Despite more than 20 years of effort,
researchers have yet to find the ideal approach against AIDS. The
human immunodeficiency virus, or HIV, that causes AIDS attacks the
very cells in the body's immune system that play a key role in
protecting against infection.
Most vaccines cause the production of
antibodies that neutralize an invading microbe, but HIV attacks the
immune system itself and antibodies made against HIV are
ineffective.
Vaccines that have been tested have failed to
trigger the immune system response needed to kill or control HIV,
and researchers are still uncertain exactly how to prompt a
vaccine-induced defense against the virus.
As a result, the plan calls for each of the
labs to take a different approach in an effort to find the best
route to a vaccine defense.
"Increasing the diversity of approaches and
coordinating the types of vaccines entering clinical trials are
fundamental to speeding global HIV vaccine development," the authors
write.
Vaccines usually are developed by private
pharmaceutical companies, but Baltimore said the problems and
expense of developing an HIV vaccine make the traditional ways
impractical.
"The pharmaceutical industry is involved, but
not with the intensity that we would like," he said. "There are only
a few companies that have put out an intense effort. I think part of
the reason is that it is not seen as a potentially profitable
enterprise."
A crash program to develop and test an AIDS
vaccine, the experts said, could cost billions of dollars and take
five to 10 years.
But it is an effort that humanity cannot
ignore, said the experts.
AIDS now kills more people than any other
infectious disease. By 2010, it's estimated there will be 45 million
new infections. HIV kills people in the prime of life, causing a
serve impact on a nation's economy and leaving behind millions of
orphaned children.
The entire continent of Africa has been
crippled by AIDS, said Baltimore, and the disease is now becoming a
major health threat in Asia.
"AIDS has decimated Africa and if it spreads
to the same percentage of people in India or China, it will decimate
those countries," he said.
The lead author of the study is Dr. Richard
D. Klausner, the former director of the National Cancer Institute.

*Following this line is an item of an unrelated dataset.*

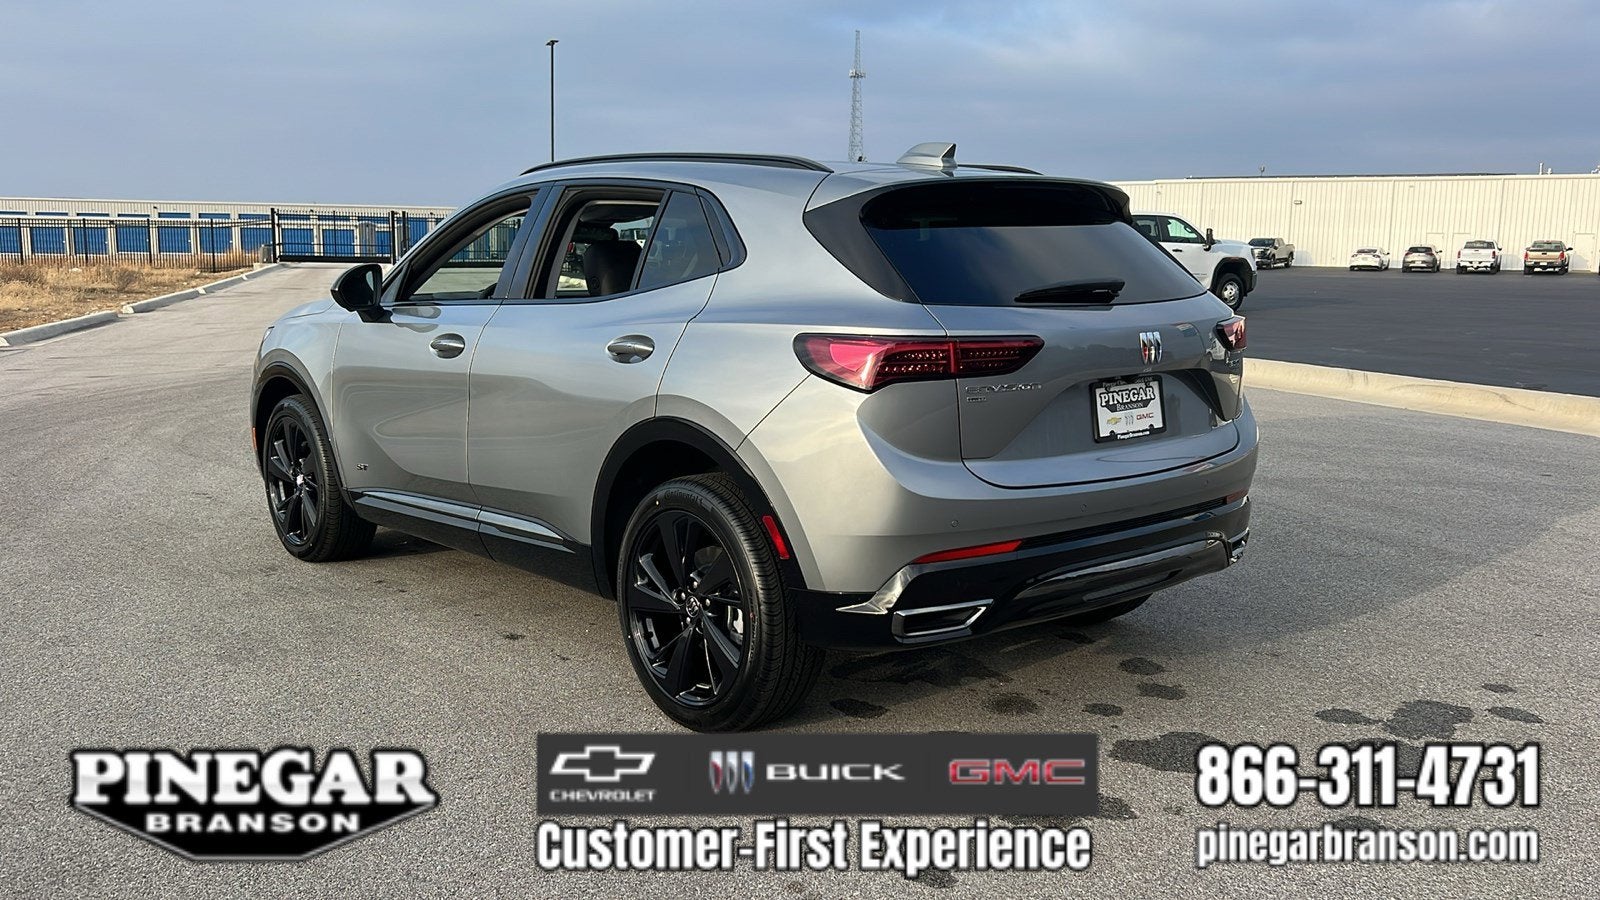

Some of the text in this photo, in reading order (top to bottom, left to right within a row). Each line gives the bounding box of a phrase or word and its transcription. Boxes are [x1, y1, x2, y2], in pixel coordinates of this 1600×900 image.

[1100, 387, 1155, 406] PINEGAR
[1136, 412, 1154, 421] GMC
[356, 463, 369, 471] ST

Co-authors include Dr. Anthony S. Fauci,
director of the National Institute of Allergy and Infectious
Diseases, the chief federal AIDS research agency; Dr. Julie L.
Gerberding, director of the U.S. Centers for Disease Control and
Prevention; Dr. Gary J. Nabel, head of the Vaccine Research Center
at NIAID; and Harold Varmus, a Nobel prize winner, former head of
the National Institutes of Health and current president of the
Memorial Sloan Kettering Cancer Center in New York.